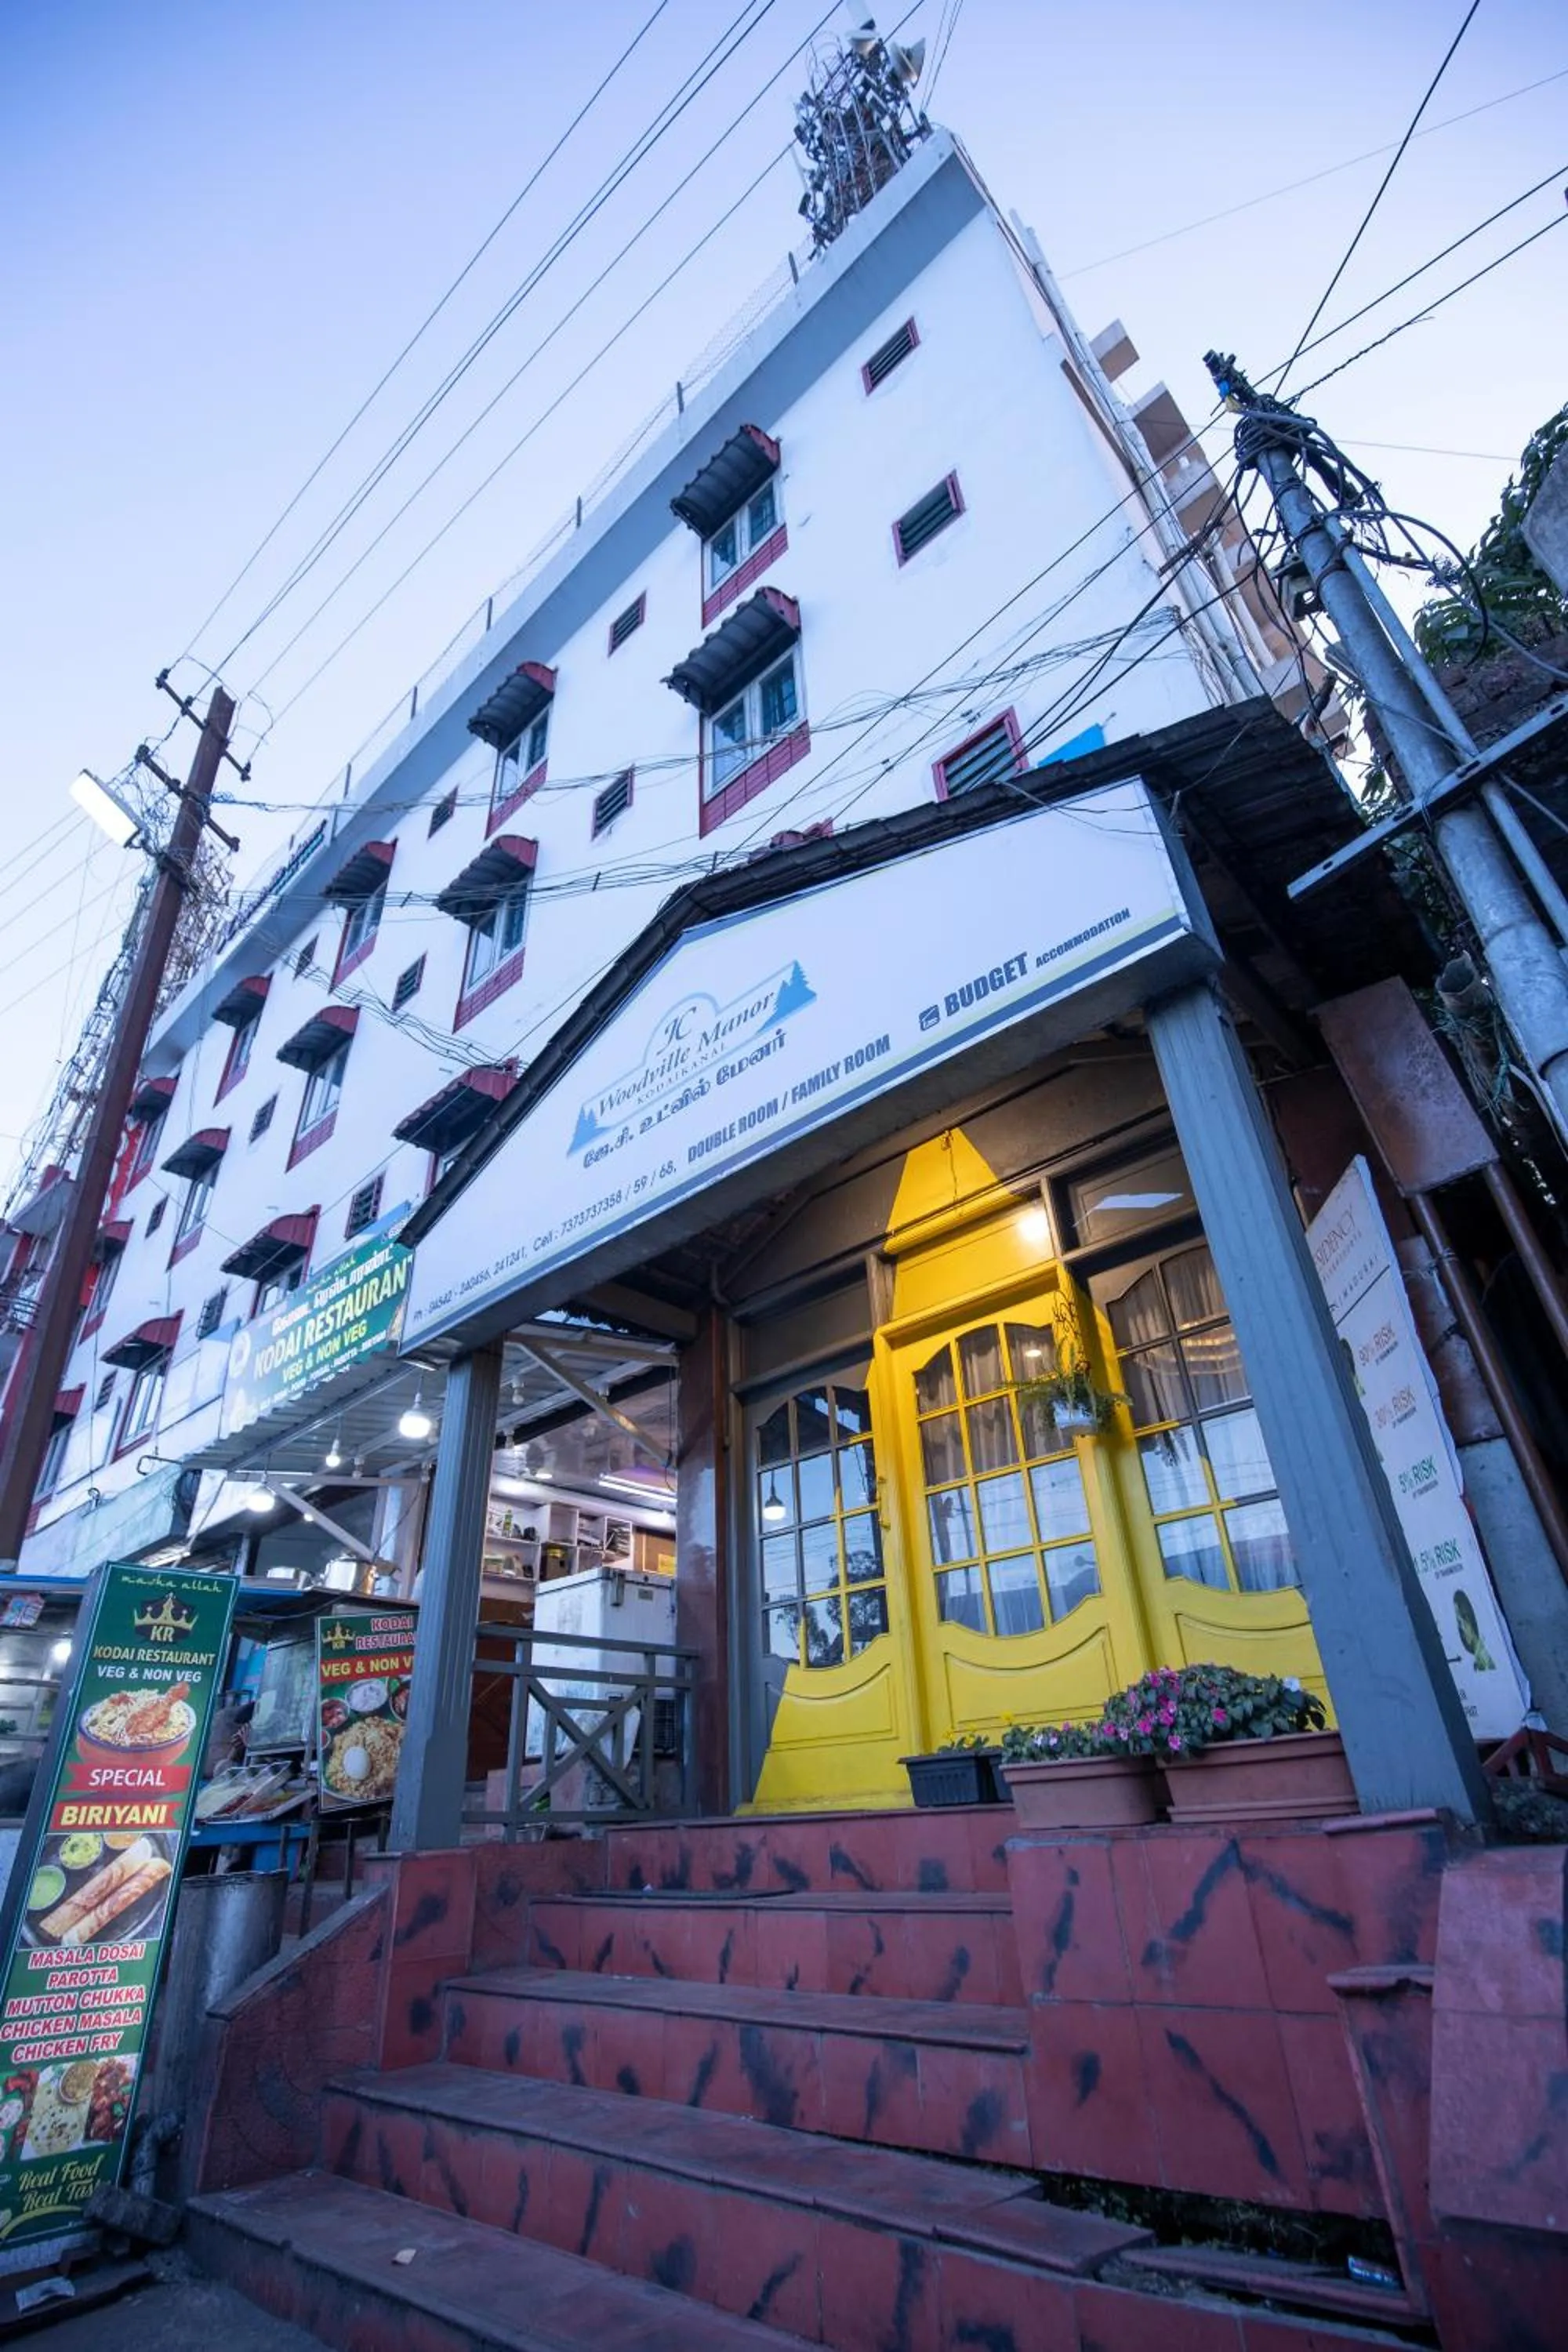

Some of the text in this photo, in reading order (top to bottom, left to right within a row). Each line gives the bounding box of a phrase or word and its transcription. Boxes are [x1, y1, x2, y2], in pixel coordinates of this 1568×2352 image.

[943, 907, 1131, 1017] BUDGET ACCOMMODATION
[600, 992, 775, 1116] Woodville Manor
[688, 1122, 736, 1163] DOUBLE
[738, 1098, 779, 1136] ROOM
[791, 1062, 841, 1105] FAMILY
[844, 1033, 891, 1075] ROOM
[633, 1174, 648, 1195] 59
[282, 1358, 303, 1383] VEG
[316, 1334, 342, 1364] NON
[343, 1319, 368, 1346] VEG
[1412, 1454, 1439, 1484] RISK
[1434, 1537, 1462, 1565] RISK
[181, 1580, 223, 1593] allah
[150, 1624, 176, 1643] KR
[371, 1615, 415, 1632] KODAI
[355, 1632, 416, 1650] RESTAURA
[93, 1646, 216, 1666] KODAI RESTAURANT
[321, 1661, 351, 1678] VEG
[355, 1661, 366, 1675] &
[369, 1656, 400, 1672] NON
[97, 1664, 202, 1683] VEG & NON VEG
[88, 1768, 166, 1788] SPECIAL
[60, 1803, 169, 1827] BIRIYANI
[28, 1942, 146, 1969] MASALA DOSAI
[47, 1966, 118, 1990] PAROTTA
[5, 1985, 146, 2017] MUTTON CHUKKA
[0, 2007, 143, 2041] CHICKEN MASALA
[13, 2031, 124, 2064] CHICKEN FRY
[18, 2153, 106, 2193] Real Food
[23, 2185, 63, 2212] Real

Task brief -
Your copy should be the entries retyped exactly, with no images in it.

Completed task -
Some of the text in this photo, in reading order (top to bottom, left to right within a row). Each line gives the bounding box of a phrase or word and its transcription. Boxes are [x1, y1, x2, y2], in pixel coordinates of this 1568×2352 image.

[943, 907, 1131, 1017] BUDGET ACCOMMODATION
[600, 992, 775, 1116] Woodville Manor
[688, 1122, 736, 1163] DOUBLE
[738, 1098, 779, 1136] ROOM
[791, 1062, 841, 1105] FAMILY
[844, 1033, 891, 1075] ROOM
[633, 1174, 648, 1195] 59
[282, 1358, 303, 1383] VEG
[316, 1334, 342, 1364] NON
[343, 1319, 368, 1346] VEG
[1412, 1454, 1439, 1484] RISK
[1434, 1537, 1462, 1565] RISK
[181, 1580, 223, 1593] allah
[150, 1624, 176, 1643] KR
[371, 1615, 415, 1632] KODAI
[355, 1632, 416, 1650] RESTAURA
[93, 1646, 216, 1666] KODAI RESTAURANT
[321, 1661, 351, 1678] VEG
[355, 1661, 366, 1675] &
[369, 1656, 400, 1672] NON
[97, 1664, 202, 1683] VEG & NON VEG
[88, 1768, 166, 1788] SPECIAL
[60, 1803, 169, 1827] BIRIYANI
[28, 1942, 146, 1969] MASALA DOSAI
[47, 1966, 118, 1990] PAROTTA
[5, 1985, 146, 2017] MUTTON CHUKKA
[0, 2007, 143, 2041] CHICKEN MASALA
[13, 2031, 124, 2064] CHICKEN FRY
[18, 2153, 106, 2193] Real Food
[23, 2185, 63, 2212] Real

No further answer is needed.